YOUR GOAL
The full listing, word for word and free of images, is the expected result.

BEGIN RECORDS PROVIDED

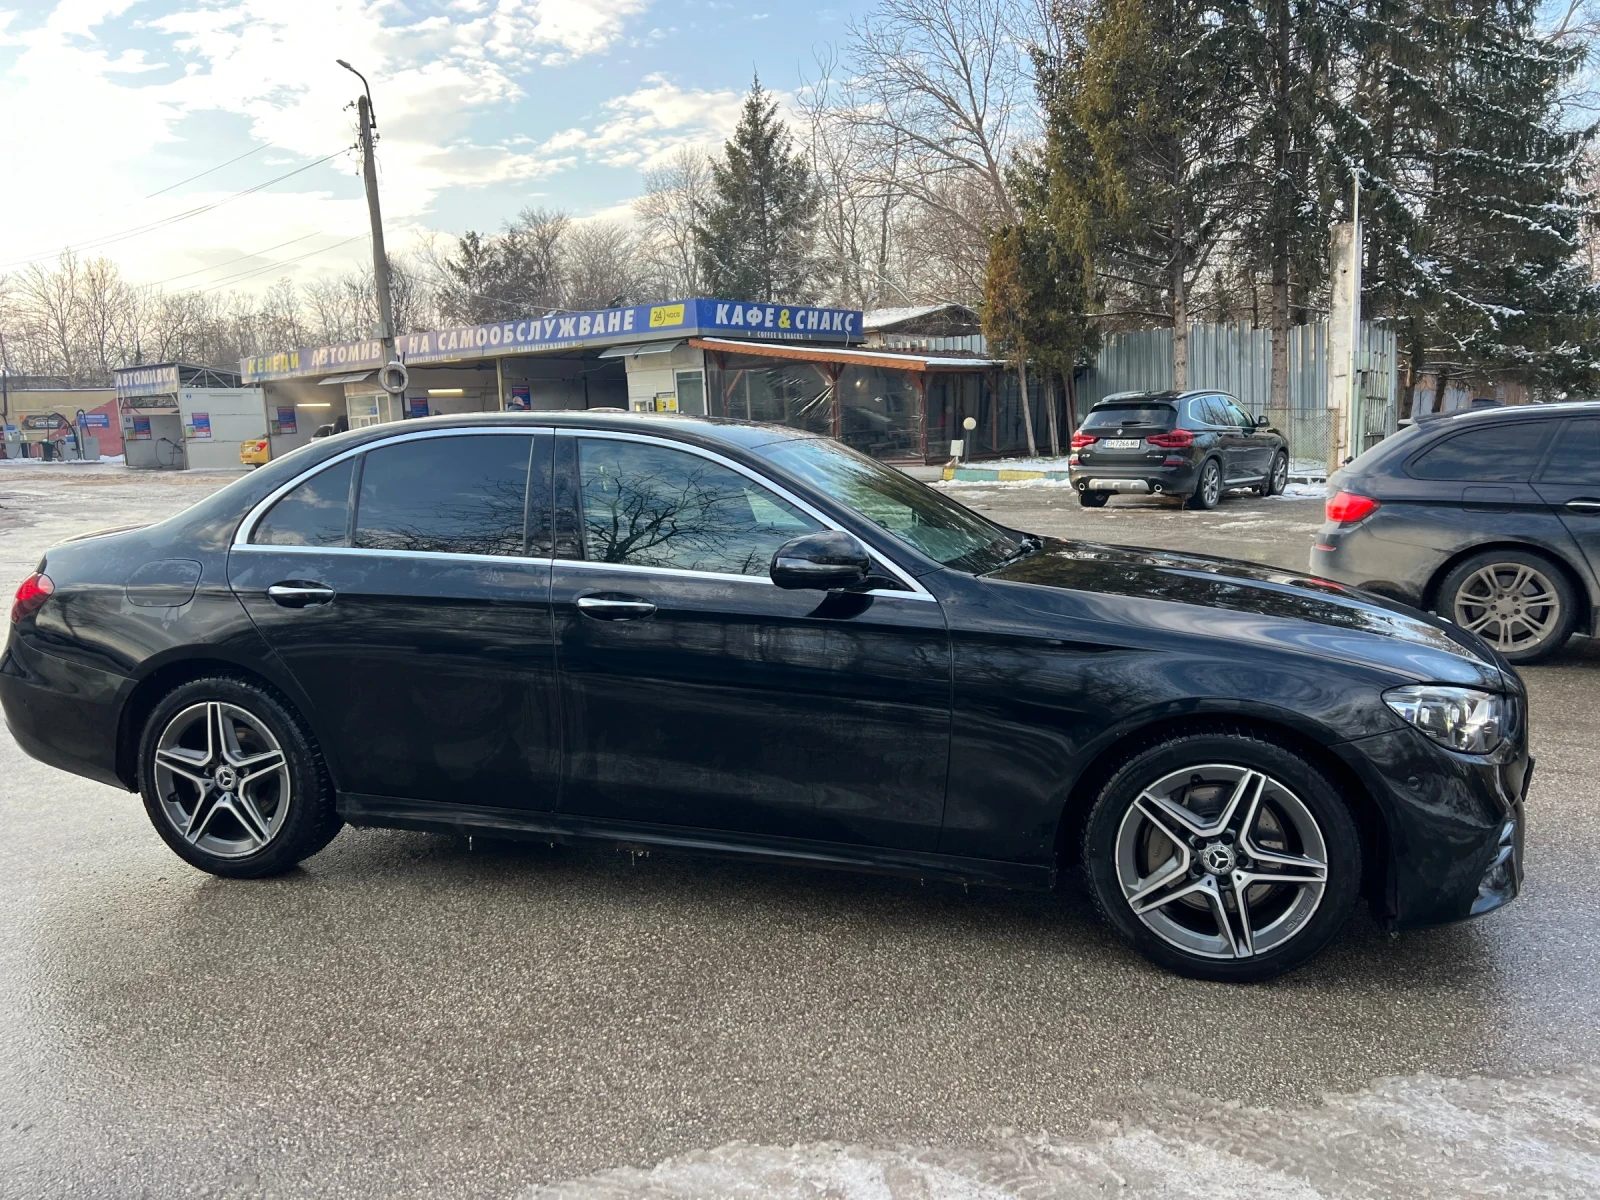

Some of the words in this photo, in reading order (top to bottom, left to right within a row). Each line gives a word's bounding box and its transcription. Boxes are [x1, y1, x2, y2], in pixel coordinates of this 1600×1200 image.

[653, 310, 663, 322] 24
[715, 303, 775, 328] КАФЕ
[778, 308, 791, 329] &
[795, 309, 855, 332] СНАКС
[247, 352, 300, 375] КЕНЕДИ
[311, 338, 402, 367] АВТОМИВА
[408, 335, 431, 355] НА
[437, 308, 636, 351] САМООБСЛУЖВАНЕ
[115, 366, 176, 387] АВТОМИВКА
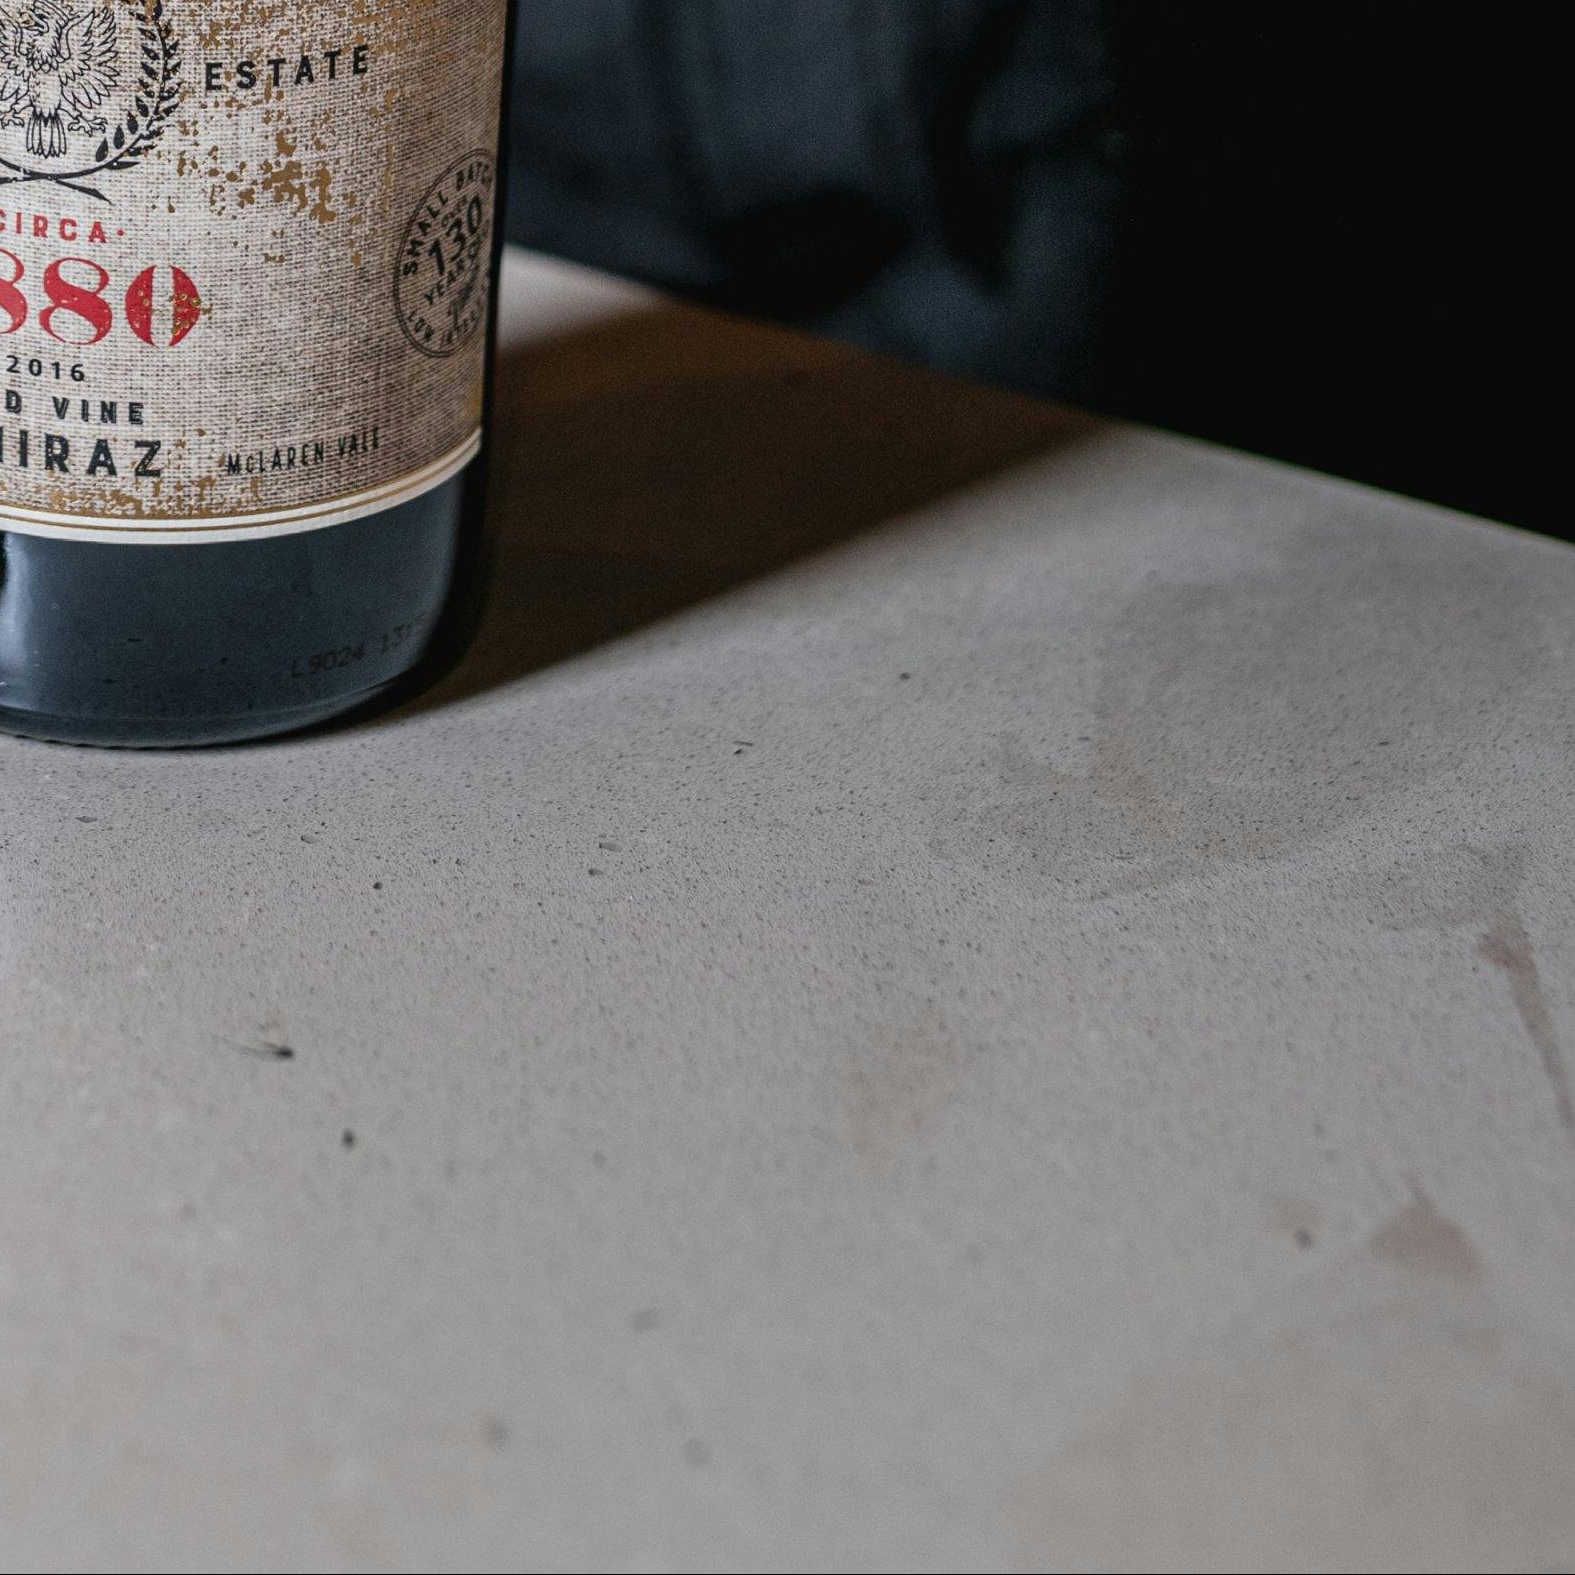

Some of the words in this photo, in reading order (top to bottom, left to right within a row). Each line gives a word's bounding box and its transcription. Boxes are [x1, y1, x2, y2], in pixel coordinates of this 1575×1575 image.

[206, 46, 369, 92] ESTATE
[402, 190, 449, 277] SMALL
[428, 194, 482, 277] 130
[5, 355, 86, 382] 2016
[51, 396, 145, 425] VINE
[226, 441, 325, 476] McLAREN

END RECORDS PROVIDED

SOLVED EXERCISE
Some of the words in this photo, in reading order (top to bottom, left to right within a row). Each line gives a word's bounding box and its transcription. Boxes are [x1, y1, x2, y2], in pixel coordinates of this 1600×1200 image.

[653, 310, 663, 322] 24
[715, 303, 775, 328] КАФЕ
[778, 308, 791, 329] &
[795, 309, 855, 332] СНАКС
[247, 352, 300, 375] КЕНЕДИ
[311, 338, 402, 367] АВТОМИВА
[408, 335, 431, 355] НА
[437, 308, 636, 351] САМООБСЛУЖВАНЕ
[115, 366, 176, 387] АВТОМИВКА

Some of the words in this photo, in reading order (top to bottom, left to right within a row). Each line gives a word's bounding box and its transcription. Boxes are [x1, y1, x2, y2], in pixel coordinates of this 1575×1575 image.

[206, 46, 369, 92] ESTATE
[402, 190, 449, 277] SMALL
[428, 194, 482, 277] 130
[5, 355, 86, 382] 2016
[51, 396, 145, 425] VINE
[226, 441, 325, 476] McLAREN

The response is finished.